_WHAT YOU HAVE TO DO_
Down to the last line, transcribe the records verbatim and exclude the images.

_Free-text object descriptions_

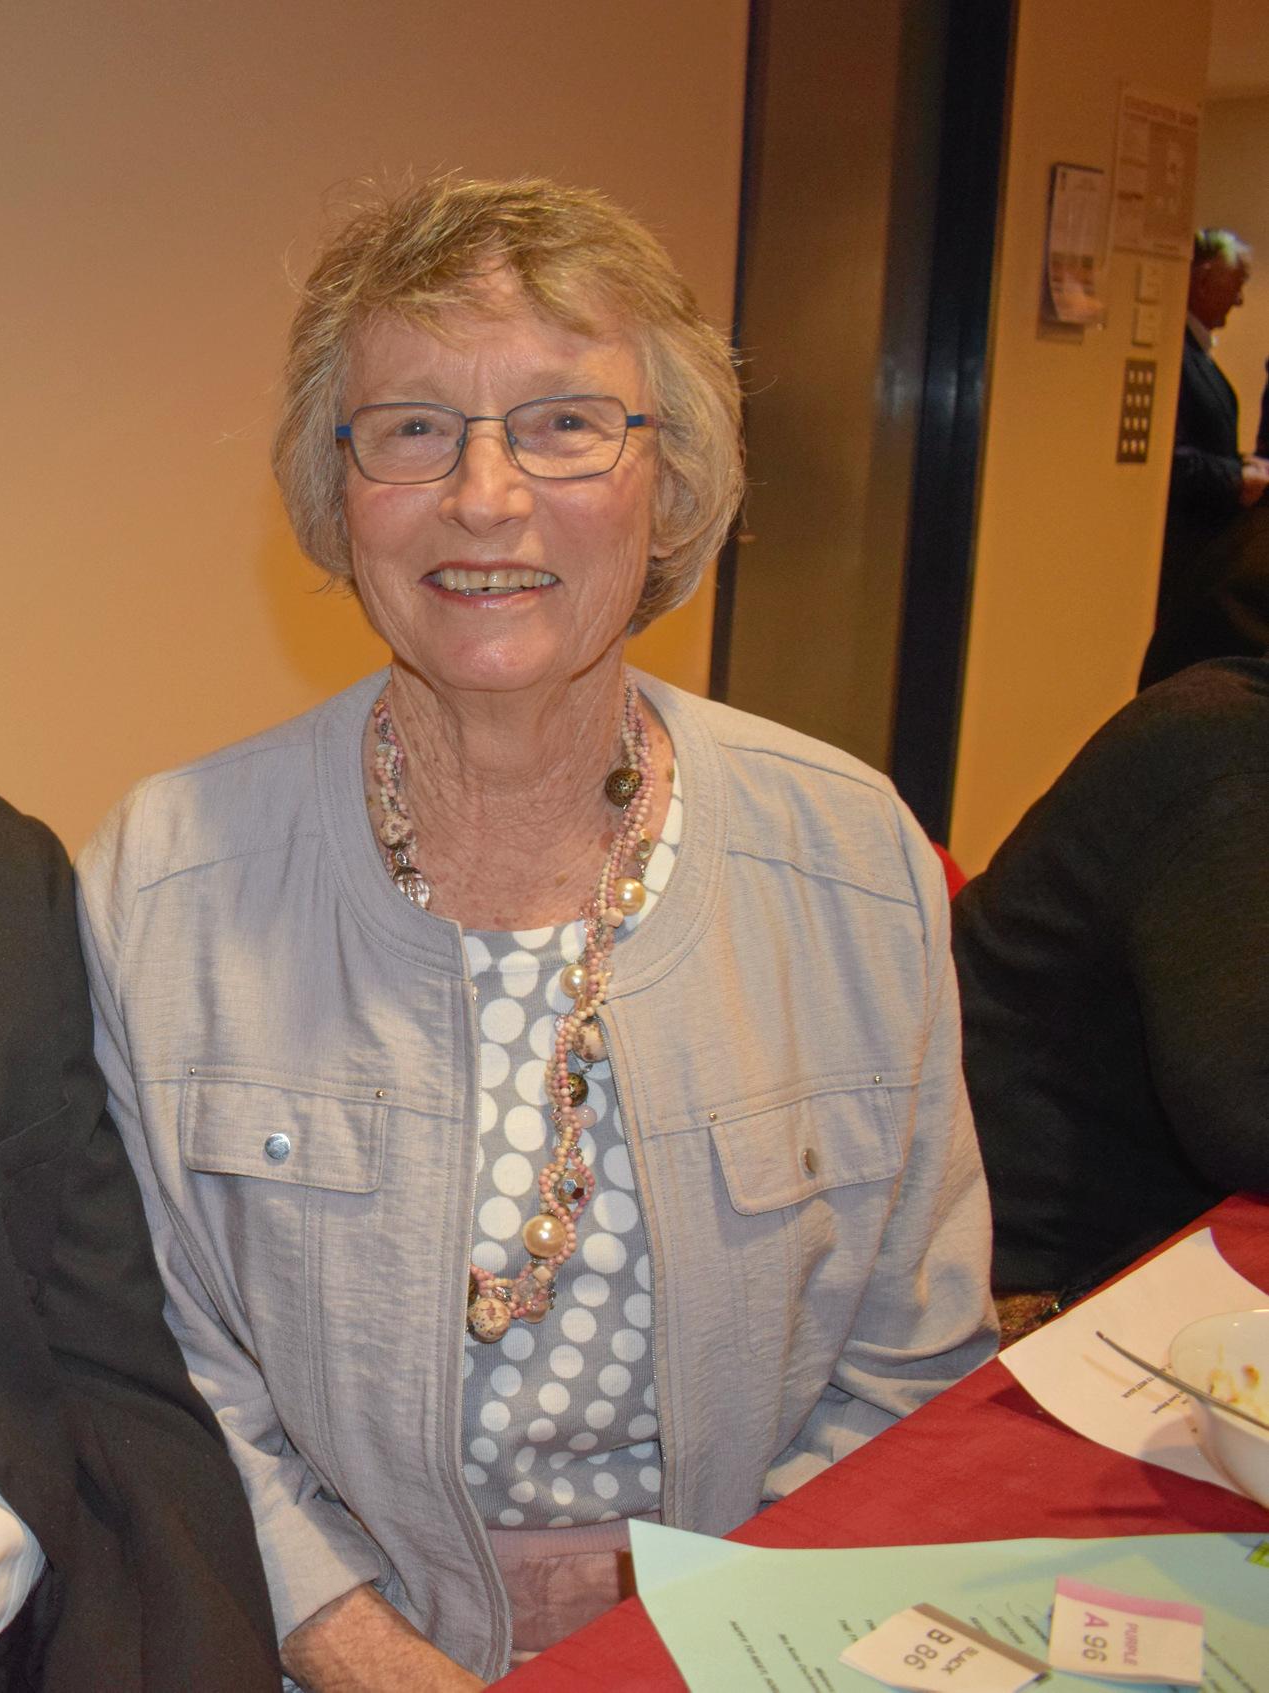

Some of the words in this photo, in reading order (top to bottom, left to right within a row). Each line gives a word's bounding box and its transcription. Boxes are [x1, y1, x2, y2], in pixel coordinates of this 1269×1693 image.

[1084, 1611, 1110, 1628] A
[926, 1628, 954, 1645] B
[1082, 1634, 1108, 1662] 96
[1123, 1622, 1139, 1666] PURPLE
[903, 1644, 938, 1670] 86
[941, 1646, 979, 1675] BLACK
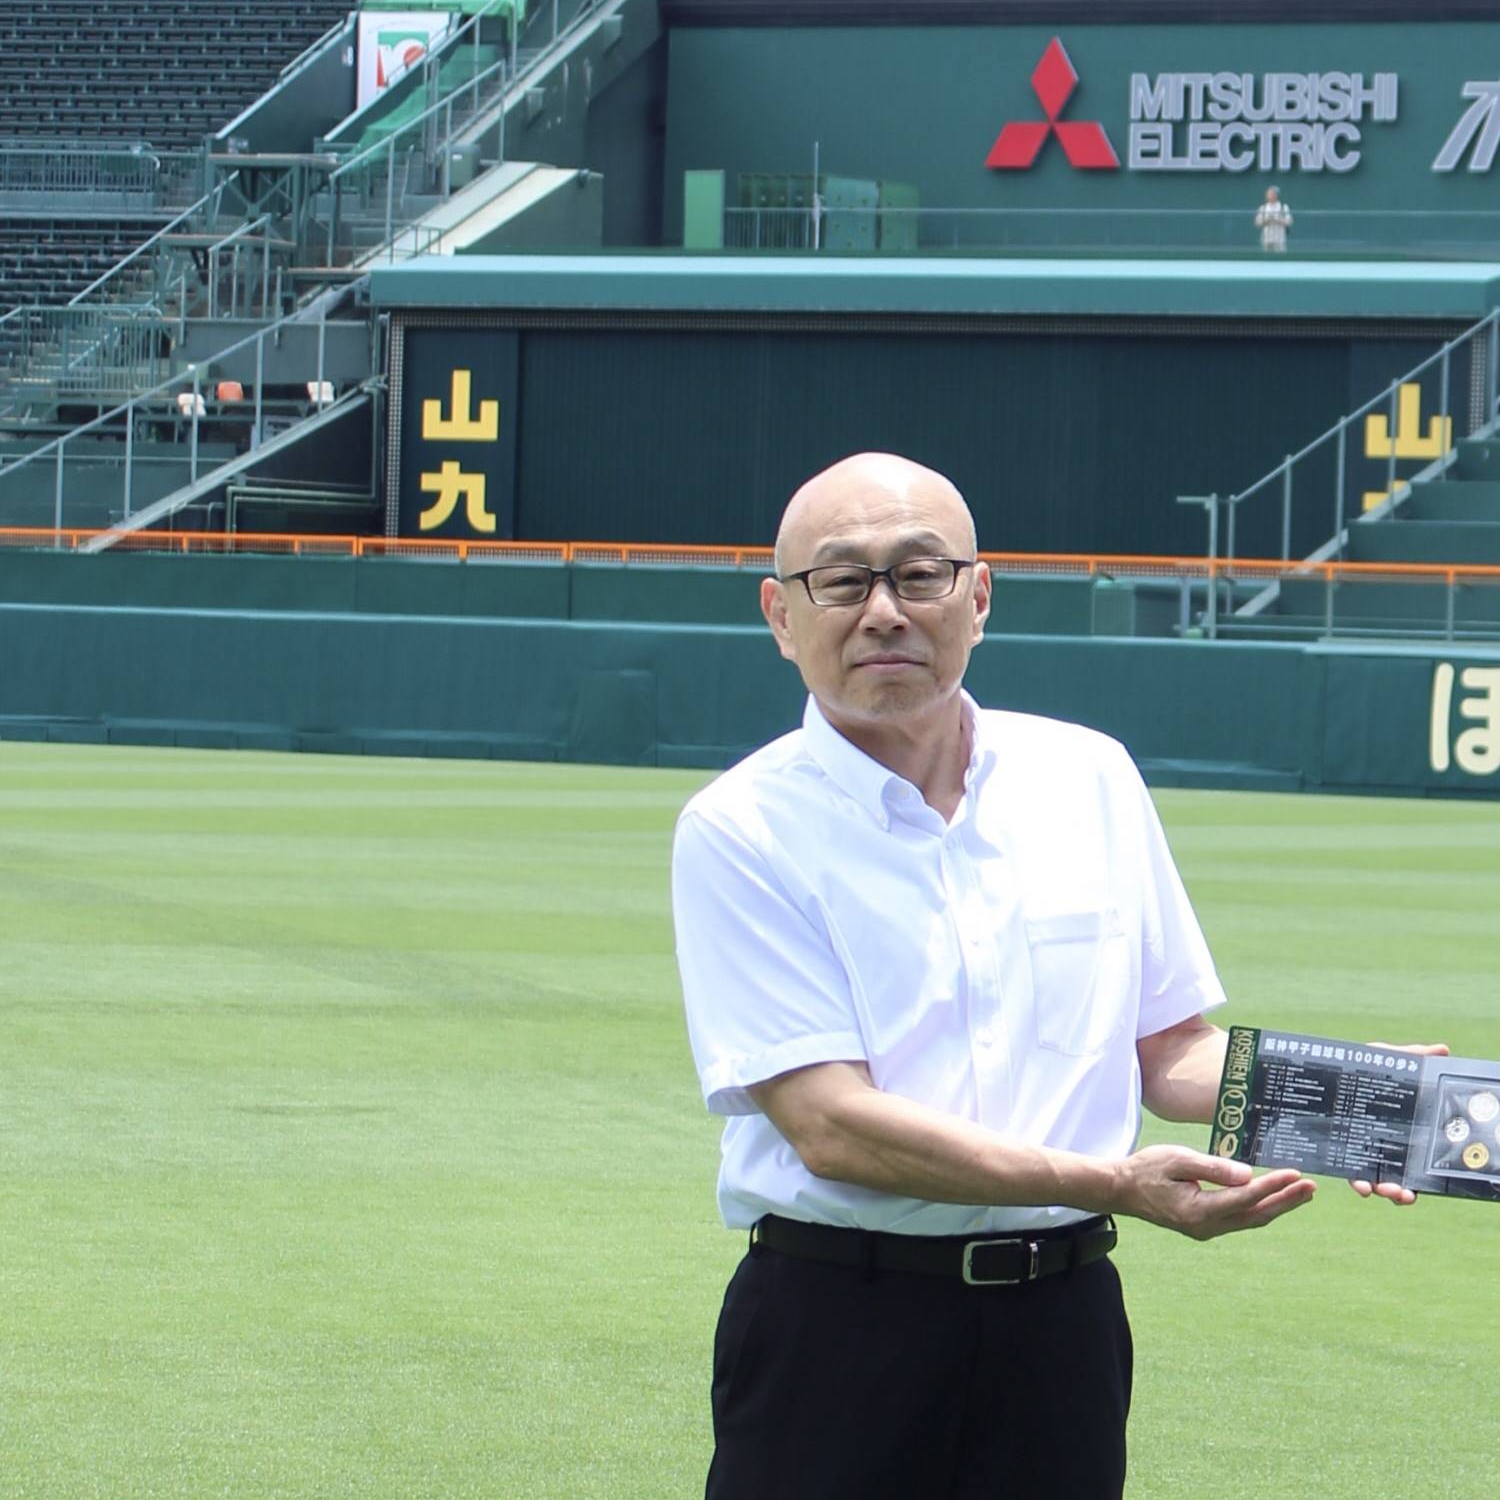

_THE ANSWER_
Some of the words in this photo, in reading order (top to bottom, left to right within a row). Each line gives a word's bounding box and its transcription. Boxes are [x1, y1, x2, y2], in pixel coordinates of this 1269×1693 image.

[1084, 1611, 1110, 1628] A
[926, 1628, 954, 1645] B
[1082, 1634, 1108, 1662] 96
[1123, 1622, 1139, 1666] PURPLE
[903, 1644, 938, 1670] 86
[941, 1646, 979, 1675] BLACK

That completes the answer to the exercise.